France deployed hundreds of police in Paris to enforce the most drastic curbs on car use in 20 years as authorities sought to reduce health-endangering pollution days before town hall elections. Sonia Legg looks at the economic impact of the move.
REPORTER: There's been an economic black cloud over France for the past few months - and now it's having to deal with a real one. Pollution levels are so high in Paris car use has been restricted - even numbers one day, odd the next.
ANONYMOUS ROAD USER SAYING: "I am working and I've come here from Le Havre. They sent me because my company vehicle has an even number."
REPORTER: There were some exceptions, including low emission vehicles and cars carrying three or more people. But police showed no leniency to those flouting the regulations.
COMMANDING POLICE OFFICER JEAN-PIERRE MEUTELET SAYING: "The police officers working with me have checked over 120 vehicles and have fined around a third of the drivers."
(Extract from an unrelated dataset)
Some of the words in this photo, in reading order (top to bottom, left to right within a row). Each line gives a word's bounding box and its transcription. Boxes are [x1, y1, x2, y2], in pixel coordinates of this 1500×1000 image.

REPORTER: The police may be raising a little extra revenue from the 22-euro fines, but the longer term costs of the pollution could be far higher. IG's Chris Beauchamp says the government may try and solve the problem with higher taxes.
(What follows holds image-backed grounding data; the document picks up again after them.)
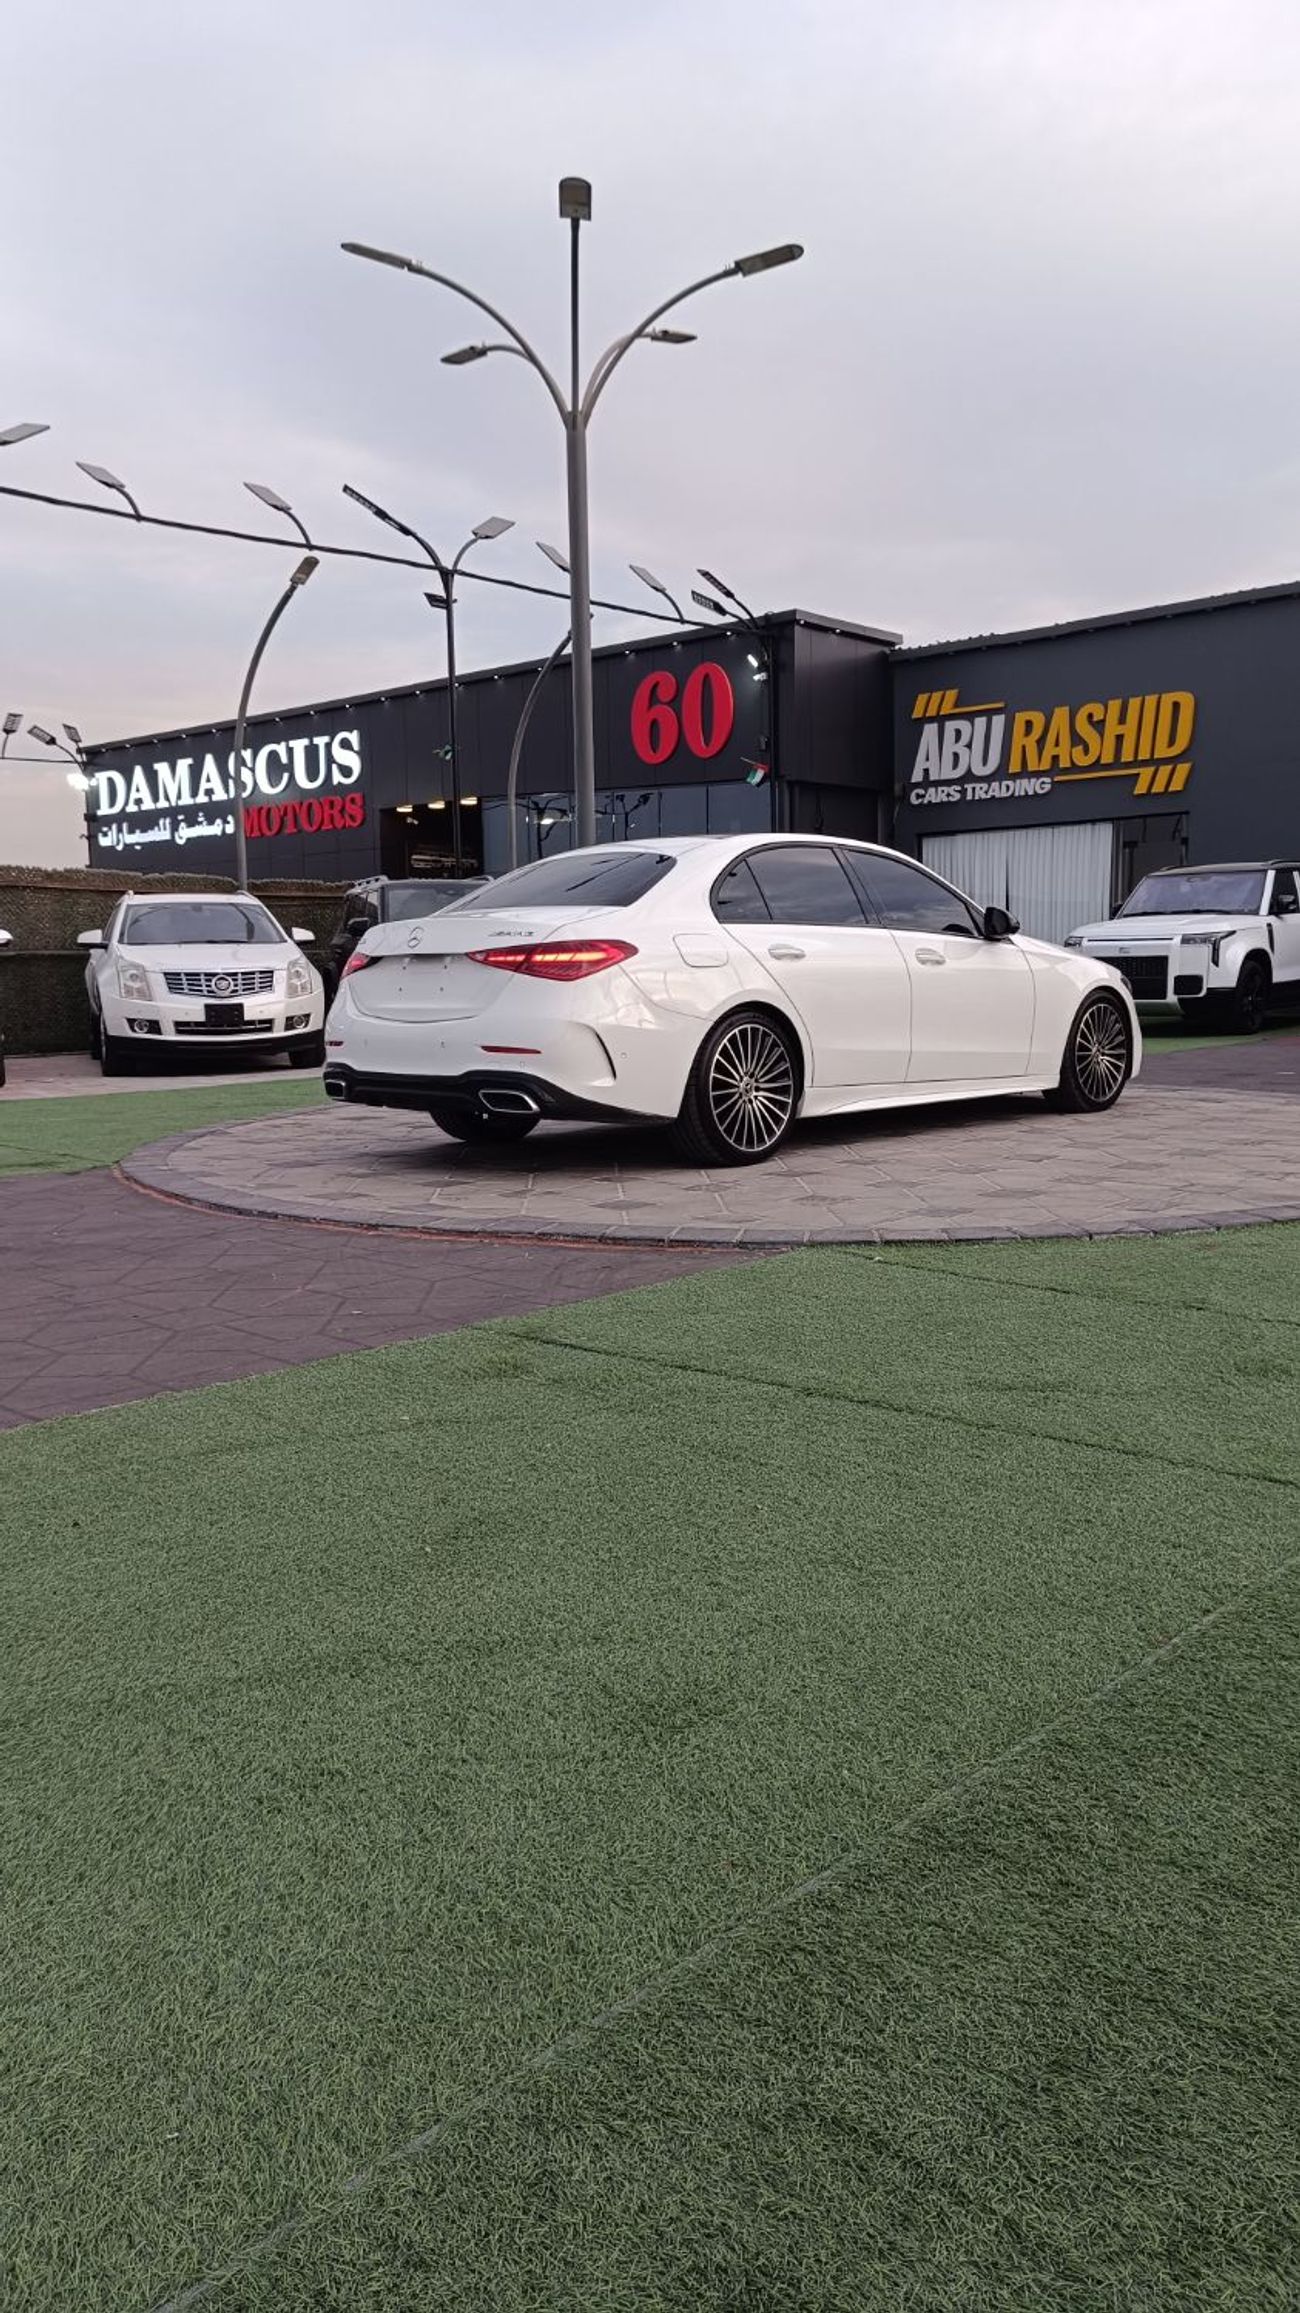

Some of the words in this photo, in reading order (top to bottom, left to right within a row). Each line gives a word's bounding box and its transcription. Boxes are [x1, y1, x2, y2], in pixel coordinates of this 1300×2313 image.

[631, 661, 735, 765] 60
[911, 714, 1006, 783] ABU
[1008, 690, 1196, 774] RASHID
[94, 729, 363, 816] DAMASCUS
[909, 783, 962, 805] CARS
[963, 776, 1053, 800] TRADING
[97, 817, 173, 851] للسيارات
[174, 811, 236, 845] دمشق
CHRIS BEAUCHAMP, MARKET ANALYST, IG: "France took a decision many years ago to favour diesel cars over petrol, so it kept duty low on diesel cars. Now it might look to reverse that by increasing the duty there which is good in one way for the French state but would be a bad thing of course for French car makers, who have made diesel cars their focus for the last 40 years."
REPORTER: The pollution levels are nowhere near as high as in some Asian countries, but Paris is one of the most polluted cities in Europe with levels almost twice as high as London. Then there's the impact on a public already suffering from a weak economy.
CHRIS BEAUCHAMP, MARKET ANALYST, IG, SAYING: "The impact is quite difficult because you can certainly feel it in a popular backlash - already people in France are saying this isn't a good idea, it hurts the ordinary person - so it is somewhere where the government has to tread very carefully, I think."
REPORTER: The government tried to soften the blow by offering free public transport. But getting Parisians out of their vehicles won't be easy - the city has one of the highest proportions of private car owners.
Odd numbers are those which are not divisible by two (3-5-7, etc.). Even numbers are divisible by two (2-4-6-8, etc.).